FIG. 1 is a block diagram of a digital servo device embodying the present invention, and FIG. 2 is an explanatory diagram of its operation. FIG. 3 is a block diagram of a digital servo device showing another embodiment of the present invention, FIG. 4 is an explanatory diagram of its operation, FIG. 5 is a block diagram of a conventional digital servo device, and FIG.
! ! FIG. 7 is an explanatory diagram of the speed control and phase control operations in FIG. 5. (10)...Motor, (10m)...Speed detection pulse generator, (10b)...Phase detection pulse generator, α
X)...Counter, 03)...Phase reference signal generator, (141) (142) (16)...U/Tsuchi circuit, 05)...Comparator, 0 seconds...D/ A converter,■
...Drive circuit.

Claims (3)

[Claims] (1) a phase reference signal generator, a counter that counts reference clock signals and is reset by the output of the phase reference signal generator, and a first signal generator that outputs a signal representing speed information of the rotating body; a reading comparison means for sequentially reading the values of the counter using the output of the first signal generator and comparing adjacent values; a speed error signal generator receiving the output of the reading comparison means; and a speed error signal generator for receiving the output of the reading comparison means; a second signal generator that outputs a signal exhibiting phase information; reading means for reading the value of the counter based on the output of the second signal generator; and phase error signal generation having the output of the reading means as input. 1. A digital servo device, comprising: a drive circuit that receives the output of the speed error signal generator and the output of the phase error signal generator as input, and controls the rotating body. (2) The read comparison means comprises two latch circuits that sequentially latch the values of the counter, and a comparator that compares the outputs of the two latch circuits.
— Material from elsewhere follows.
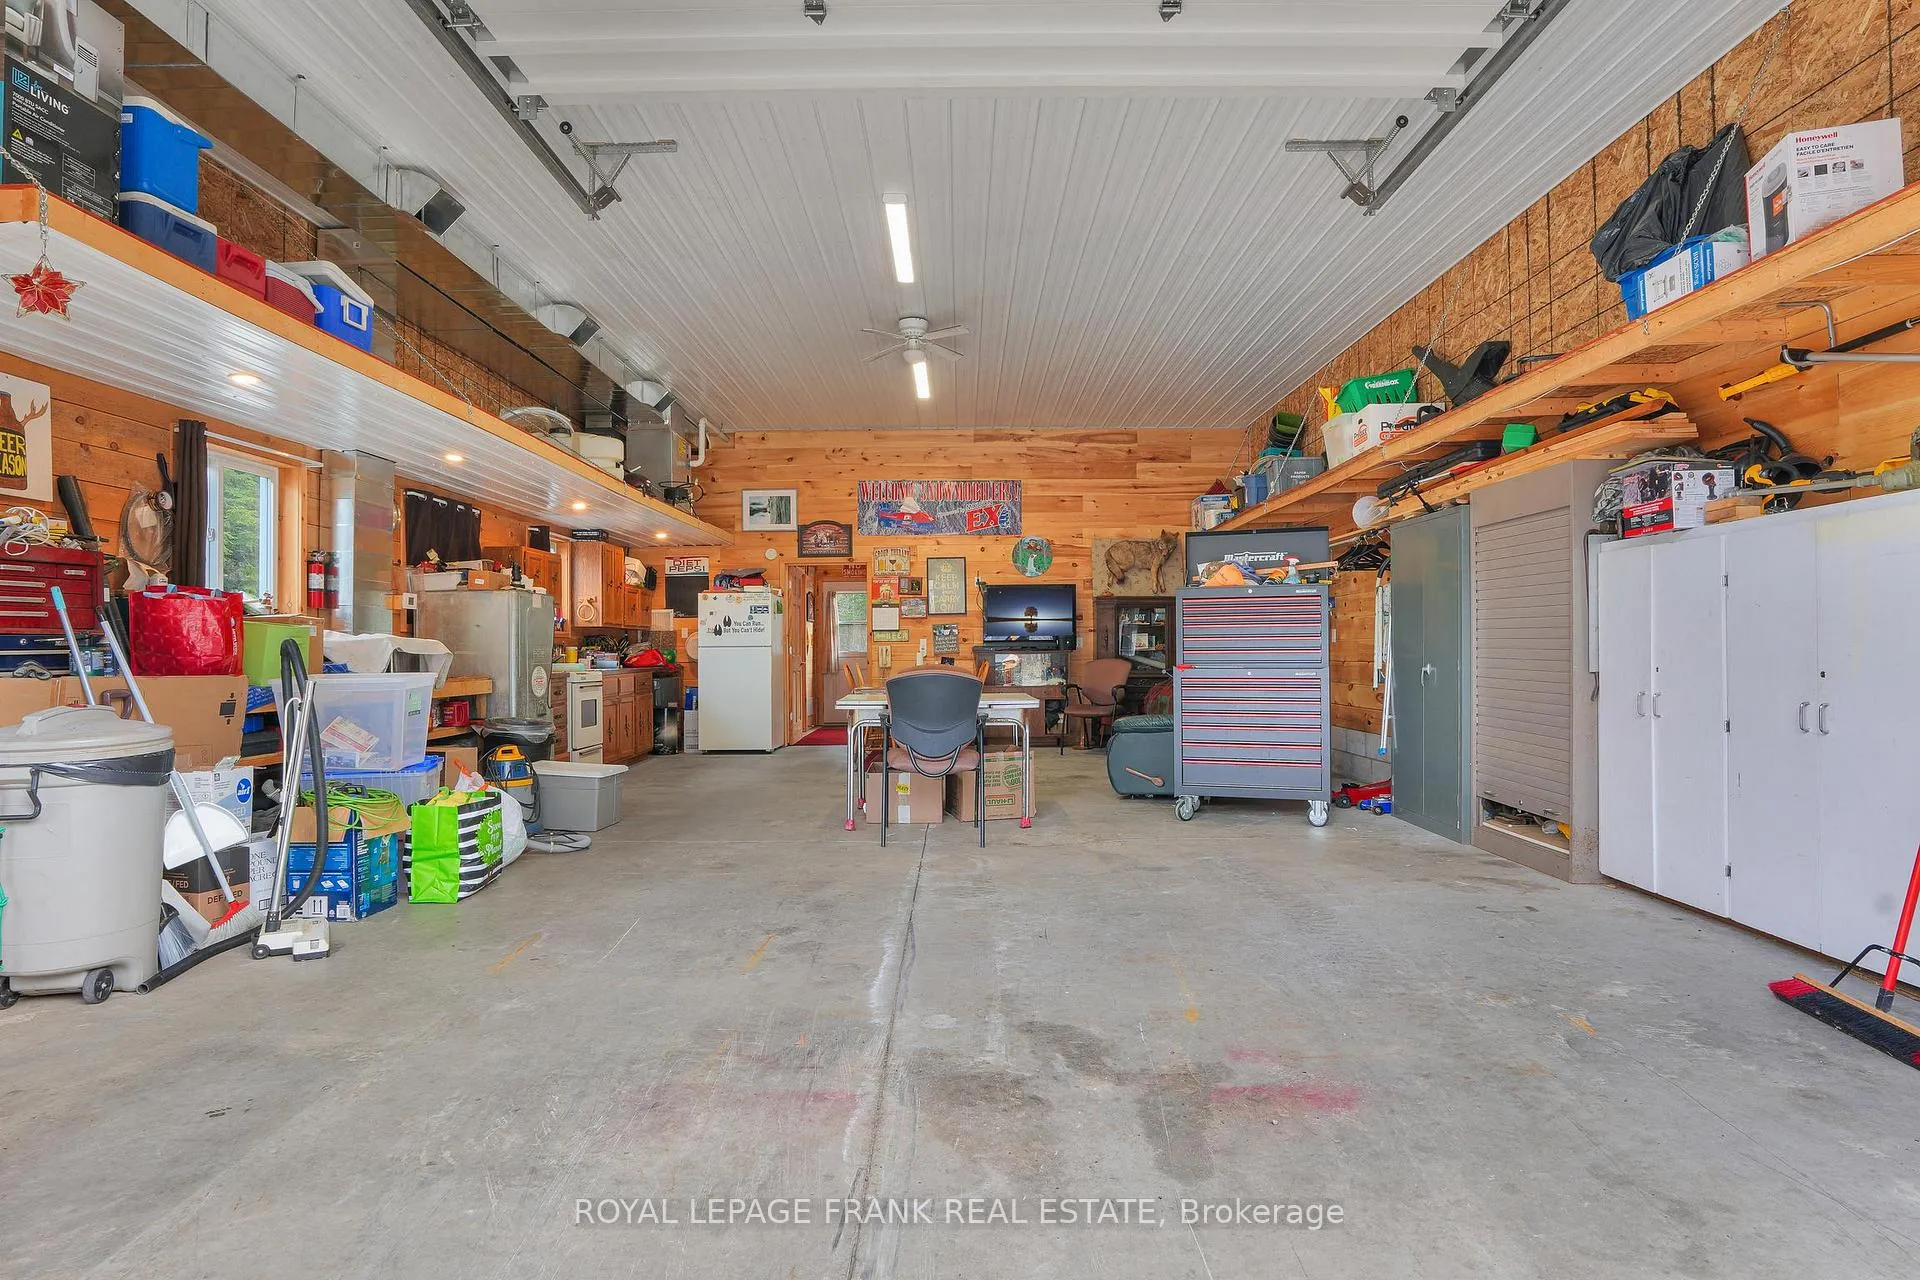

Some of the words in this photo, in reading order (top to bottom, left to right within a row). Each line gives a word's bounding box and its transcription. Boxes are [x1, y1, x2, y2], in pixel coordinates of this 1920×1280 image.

[30, 86, 69, 115] LIVING
[1796, 131, 1838, 143] Honeywell
[0, 453, 26, 477] ASON
[669, 565, 705, 573] PEPSI
The digital servo device described. (3) A plurality of the rotating bodies, first and second signal generators, reading comparison means, speed error signal generators, reading means, phase error signal generators, and drive circuits are present;
2. The digital servo device according to claim 1, wherein one counter and one phase reference signal generator are provided so that they are commonly used to control a plurality of rotating bodies.